Existe, basicamente, uma questão envolvida em fazer um transplante de células beta para tratar o diabetes: a pessoa que passa pelo procedimento vai precisar de medicamentos imunossupressores pelo resto da vida. Esses remédios atuam inibindo a ação do sistema imune – evitando duas coisas:
- que ele ataque (de novo) as células do pâncreas;
- que ele rejeite as células que foram transplantadas. (Pacientes que passam por outros tipos de transplante também precisam usar esse tipo de medicamento).
O problema é que o medicamento imunossupressor torna o paciente mais suscetível a infecções, por exemplo, já que o sistema imune está inibido.

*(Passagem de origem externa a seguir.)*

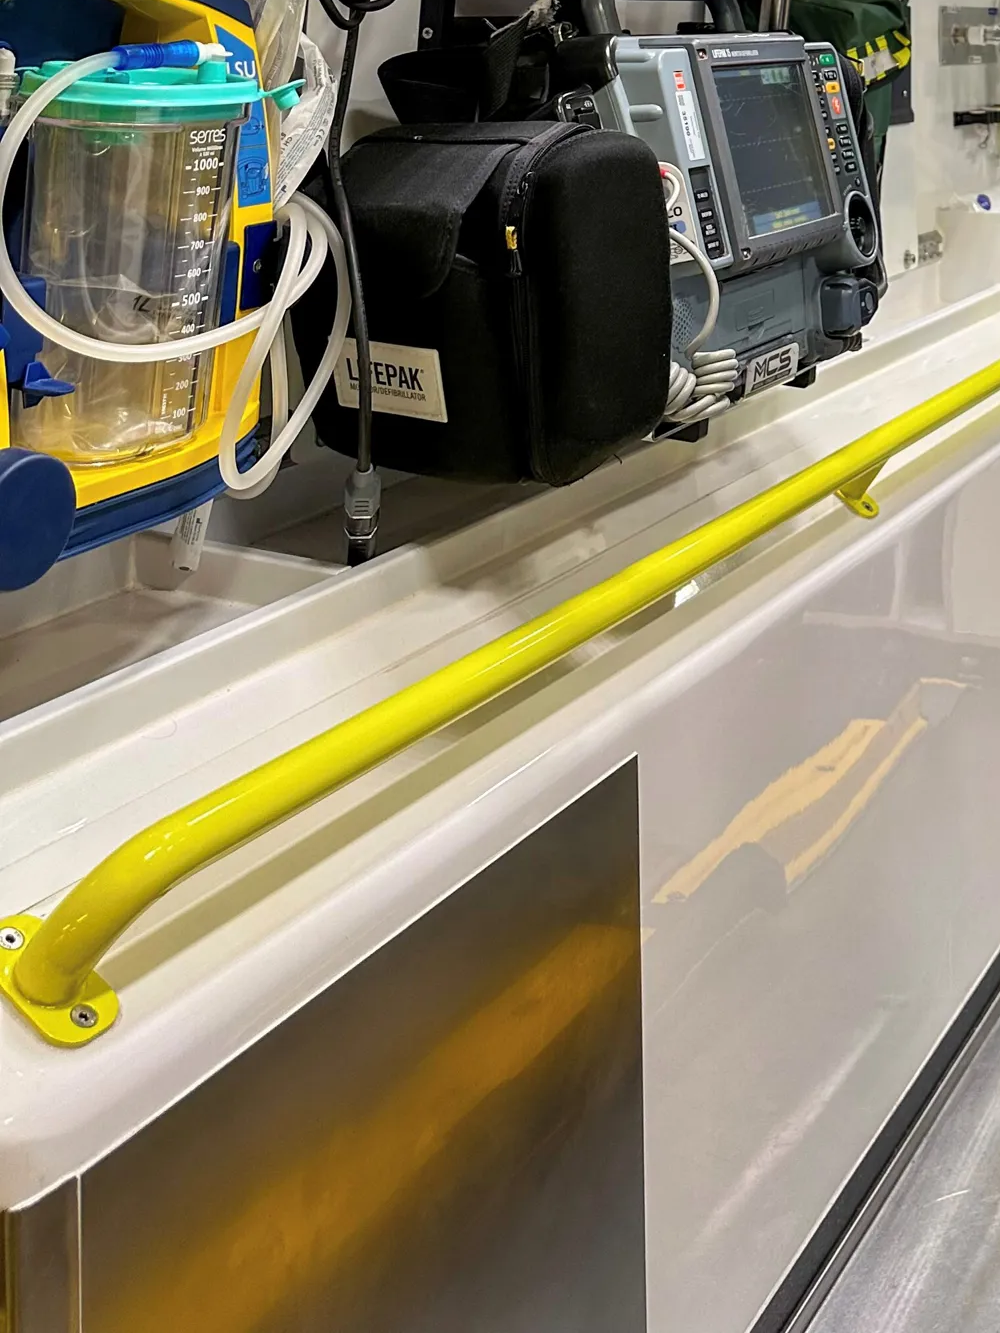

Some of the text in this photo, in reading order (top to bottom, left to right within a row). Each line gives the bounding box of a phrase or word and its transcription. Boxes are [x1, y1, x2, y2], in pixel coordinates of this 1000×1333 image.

“A imunossupressão torna o paciente mais suscetível. E se ele pegar um vírus, uma pneumonia, será que o organismo dele vai responder da mesma forma?” questiona Couri.
Pacientes que recebem medicamentos imunossupressores foram, por exemplo, considerados grupos prioritários na vacinação contra a Covid-19.
O que os pesquisadores ainda não sabem? Quais os próximos passos?
Os cientistas ainda não sabem:
- por quanto tempo o tratamento do americano vai funcionar: ele recebeu metade da dose das células beta que estava prevista – porque os resultados foram melhores do que o esperado. Ainda resta a dúvida se ele vai precisar de um novo transplante.
- a segurança do procedimento: “O que o implante de uma célula desenvolvida em laboratório pode fazer no fígado desse paciente a longo prazo? O que a imunossupressão pode fazer com ele a longo prazo?”, pontua Couri.
Os pesquisadores planejam testar células beta encapsuladas – com uma camada de proteção, para que não sejam atacadas pelo sistema imunológico. Nesse caso, a pessoa não precisaria de imunossupressores.
“Esse é que é o ‘pulo do gato'”, diz Couri – essas células estarem envoltas numa cápsula que impede que o sistema imunológico agrida essas células. Aí, sim, o paciente, pode talvez ter uma melhora clínica relevante e, quem sabe, nem precisar usar insulina – e sem precisar usar imunossupressores”.
O que causa o diabetes tipo 1?
Não se sabe. Há fatores genéticos que aumentam a propensão de ter a doença; ter um parente próximo com o problema também aumenta o risco.
“Nós estamos completando 100 anos de insulina e nós não sabemos qual o gatilho. Nós não sabemos qual o agente causador do diabetes tipo 1 – a gente só sabe que é autoimune, que tem uma briga do sistema imunológico contra o pâncreas”, explica o médico.